Harold Kushner talked about the philosophy of our individual lives as threads in a tapestry, where on the backside, they seem to twist and turn seemingly without order. Only when one flips the fabric over does one see that pattern that is created.   Regardless of whether you believe there is a pattern, the tapestry analogy may reflect the course of so many of our lives. We may not ask for it. We may not want it. We may do our best to fight it. But most of the circumstances surrounding our lives are not in our control. Some events have the impact of irrevocable change to our internal and/or external world.

The role of wisdom in change is knowing when and how to fight and knowing when to accept. Self-knowledge also helps us to understand when we’re fighting change because the direction of the change is bad or because we are defending the status quo out of fear. Unfortunately, most of us must learn the hard way to differentiate and decide. In the meantime, here are my suggestions for managing change:

  • Play devil’s advocate with yourself and understand the holes and shortcomings of your beliefs about the change in your life.  Don’t go through the motions of arguing the reverse side with the conclusion forgone. Instead, really try to see it from the other side by distancing your opinion from your emotions. This exercise will help with your ability to persuade others and strategize going forward.
  • Include in the devil’s advocate exercise the belief that you have control over these events.  If you realize that you don’t have control, start processing your grief and your strategy to manage the change.
  • Be open to the opinion of others. Getting defensive will only reinforce their belief and blind you to what you may be missing. Use the truth of their argument, even if it’s only a kernel, to reconsider your thoughts and plan. Honor the notion that their perspective is their truth.  It doesn’t have to be your truth or a universal truth for you to respect their viewpoint and consider there may be some validity to their opinion.
  • Consider that change gives you a new vantage point of yourself and the world.  You may not like the view from that new perch, but a new perspective is an opportunity to learn, grow, and re-strategize. This view may allow you to launch into a new direction that you were not able to consider from your previous vantage point.
  • Be honest with yourself about the feelings this change is creating. If you’re fearful and anxious, ask yourself why.   What is the worst-case scenario (within reason)? What is the best possible outcome? Now, create that best possible outcome and embrace it for the adventure that it is. Your improved attitude will increase your odds of achieving it.
  • To reinforce your new positive attitude, consider the successful endings that have occurred with others’ stories about change. Creating successful change is about resilience.

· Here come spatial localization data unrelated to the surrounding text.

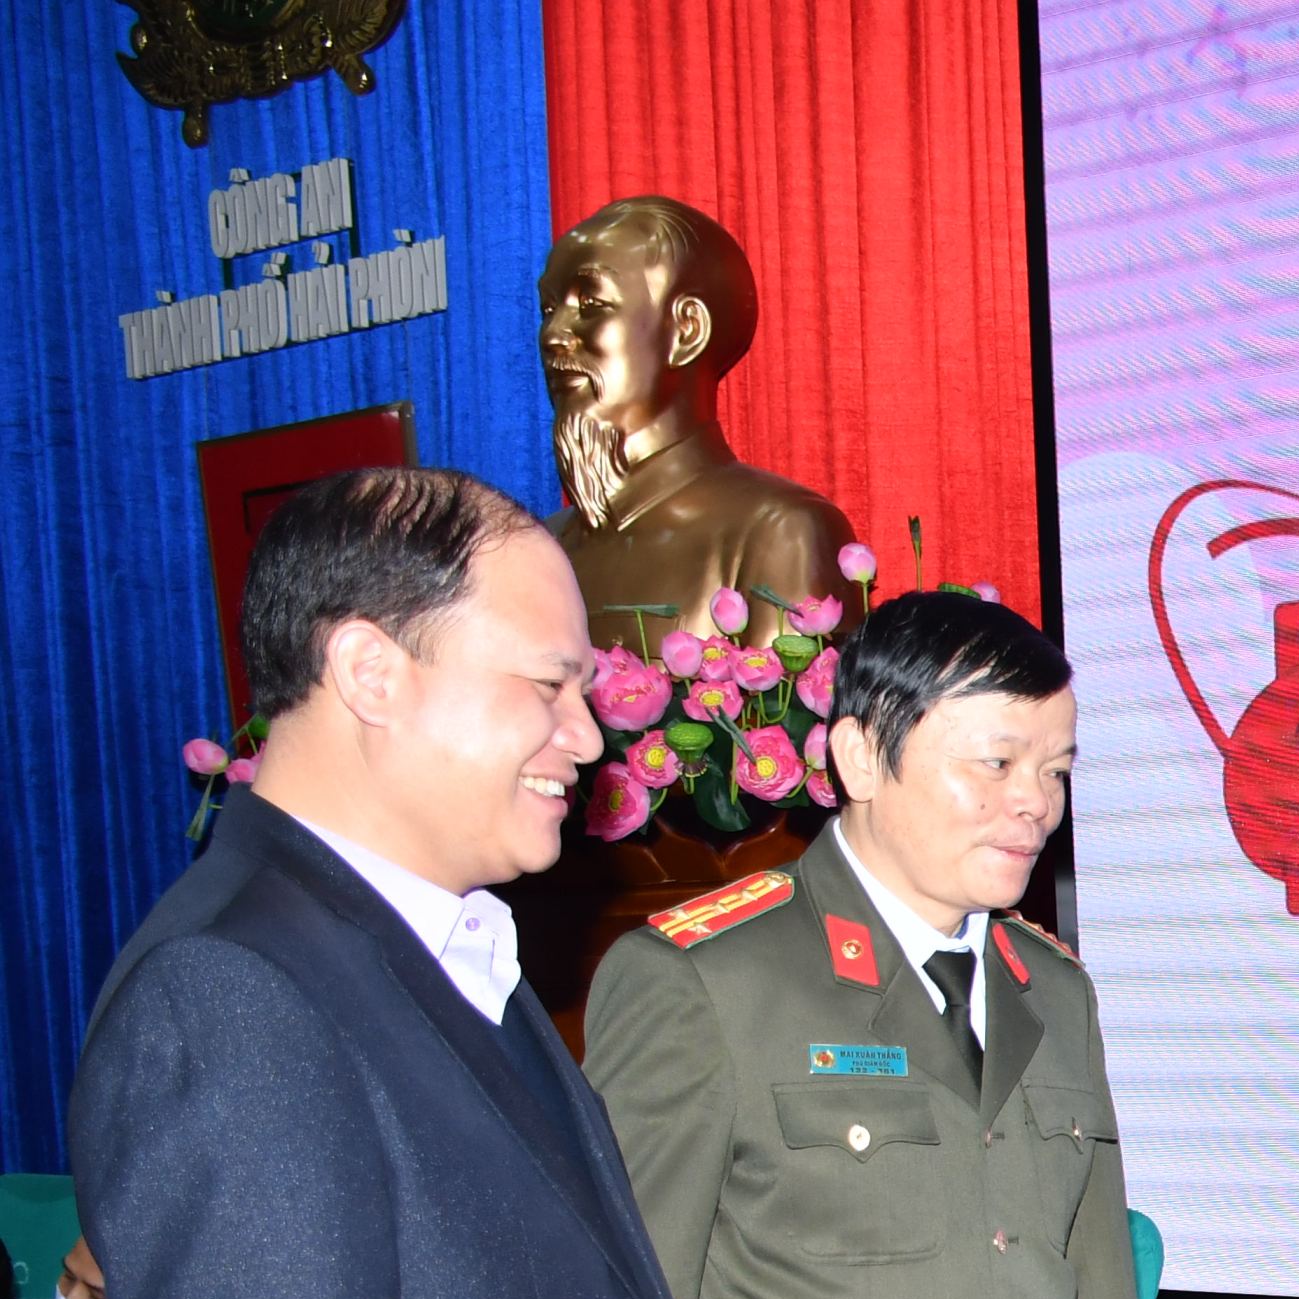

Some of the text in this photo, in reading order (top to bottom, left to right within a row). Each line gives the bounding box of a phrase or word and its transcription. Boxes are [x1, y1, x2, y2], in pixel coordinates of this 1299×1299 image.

[208, 158, 353, 259] CÔNG AN
[119, 290, 222, 379] THÀNH
[220, 252, 289, 358] PHỐ
[287, 241, 349, 342] HẢI
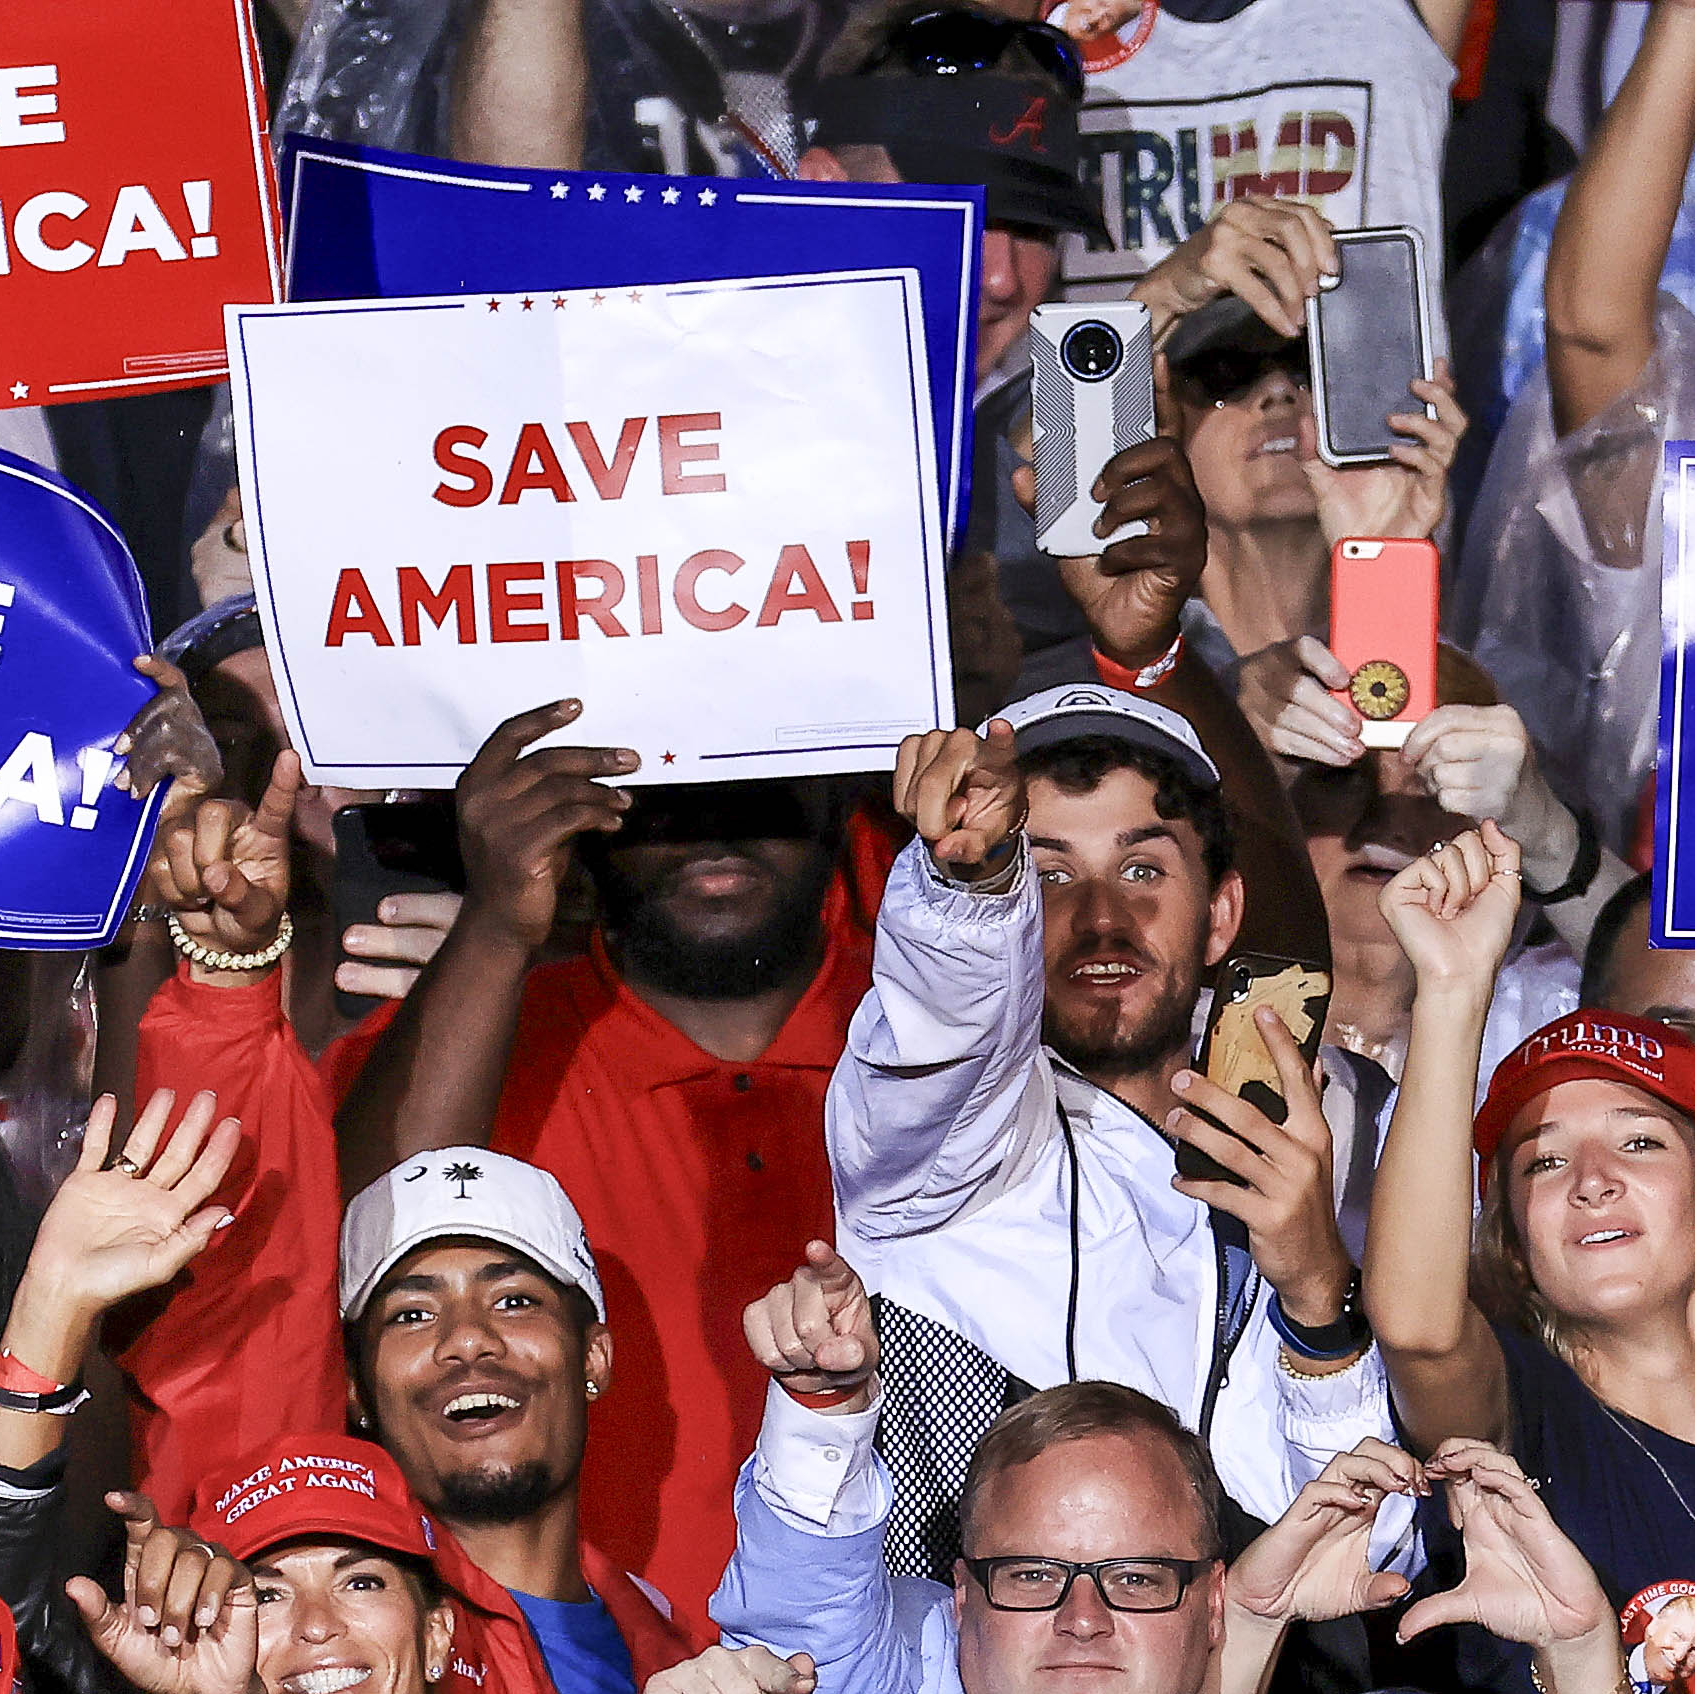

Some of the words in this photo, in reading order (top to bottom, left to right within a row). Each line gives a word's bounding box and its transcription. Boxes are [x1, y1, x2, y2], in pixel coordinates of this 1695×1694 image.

[1077, 110, 1359, 251] TRUMP
[432, 411, 726, 508] SAVE
[326, 539, 876, 648] AMERICA!
[215, 1466, 272, 1512] MAKE
[280, 1455, 376, 1486] AMERICA
[225, 1477, 295, 1524] GREAT
[305, 1474, 376, 1499] AGAIN
[1637, 1585, 1667, 1604] TIME
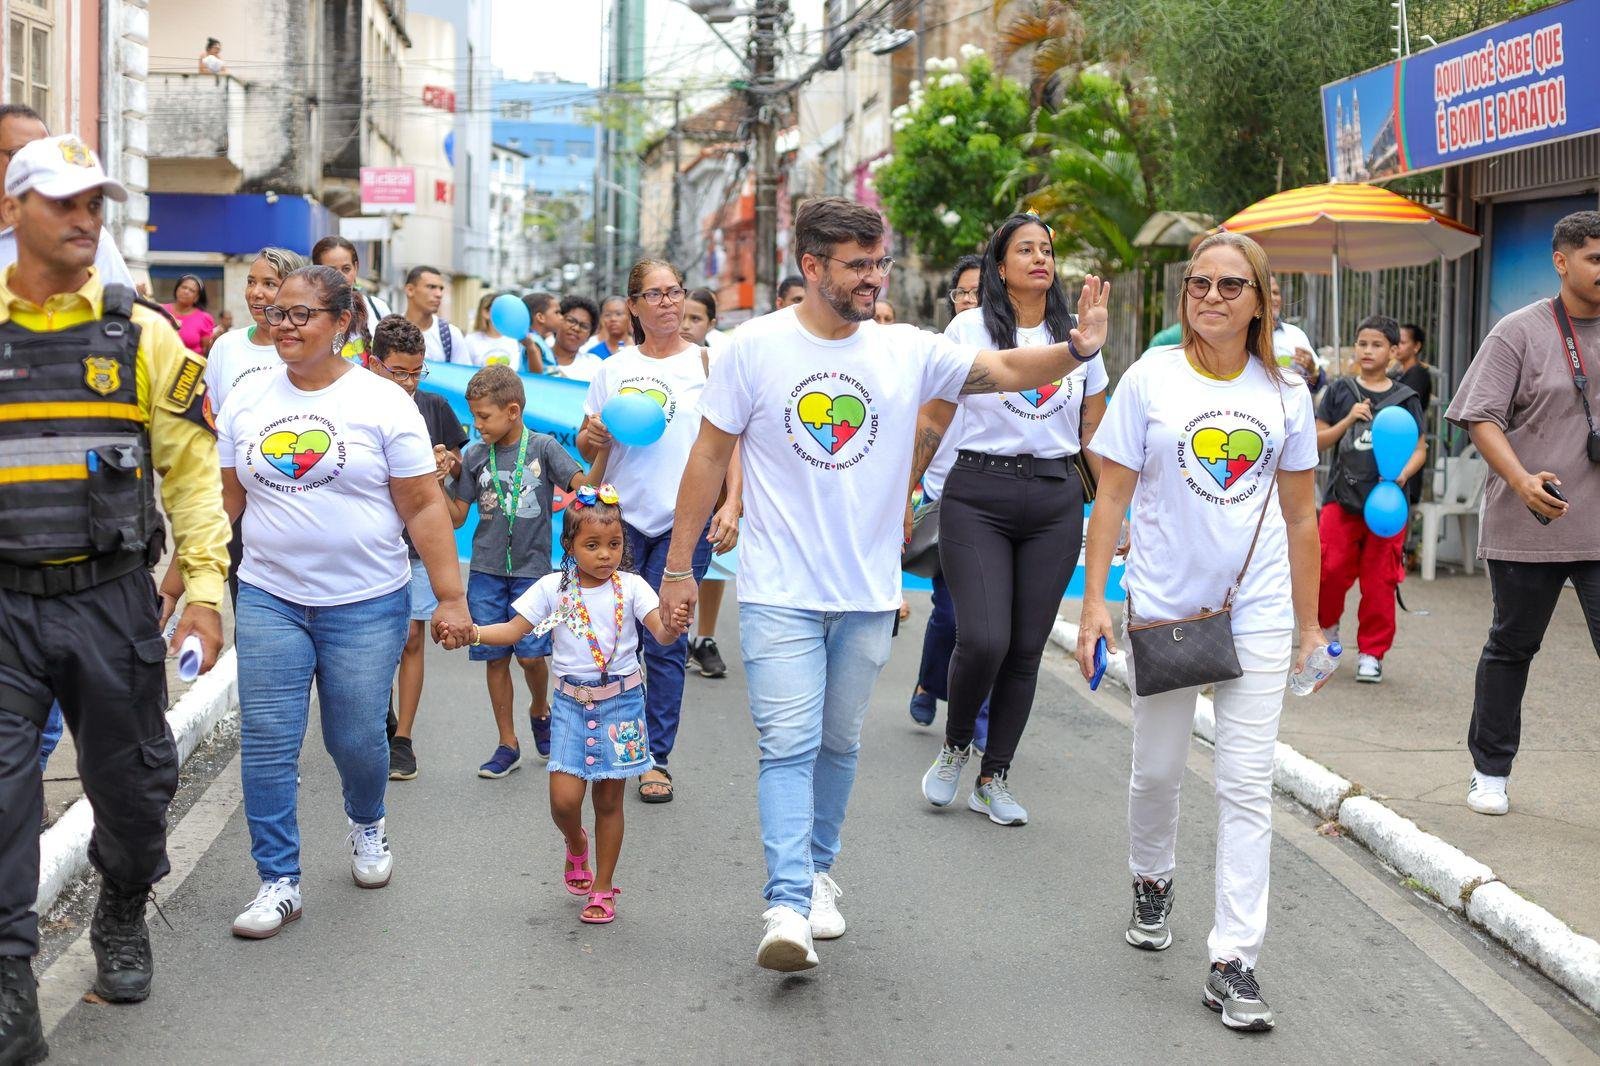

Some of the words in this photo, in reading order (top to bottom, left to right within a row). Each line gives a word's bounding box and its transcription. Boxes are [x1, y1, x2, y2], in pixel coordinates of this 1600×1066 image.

You can become more resilient, especially if you embrace change as an opportunity.

The recovering control freak and perfectionist in me still sometimes rebels against the unknown or change. Some days I feel it’s all I can do to stay present and optimistic with life’s changes. But it is well worth the effort since my precious energy can then be directed at finding the path to the best possible outcome instead of spinning my wheels. Then, I feel like the phoenix rising out of the ashes. Envision that!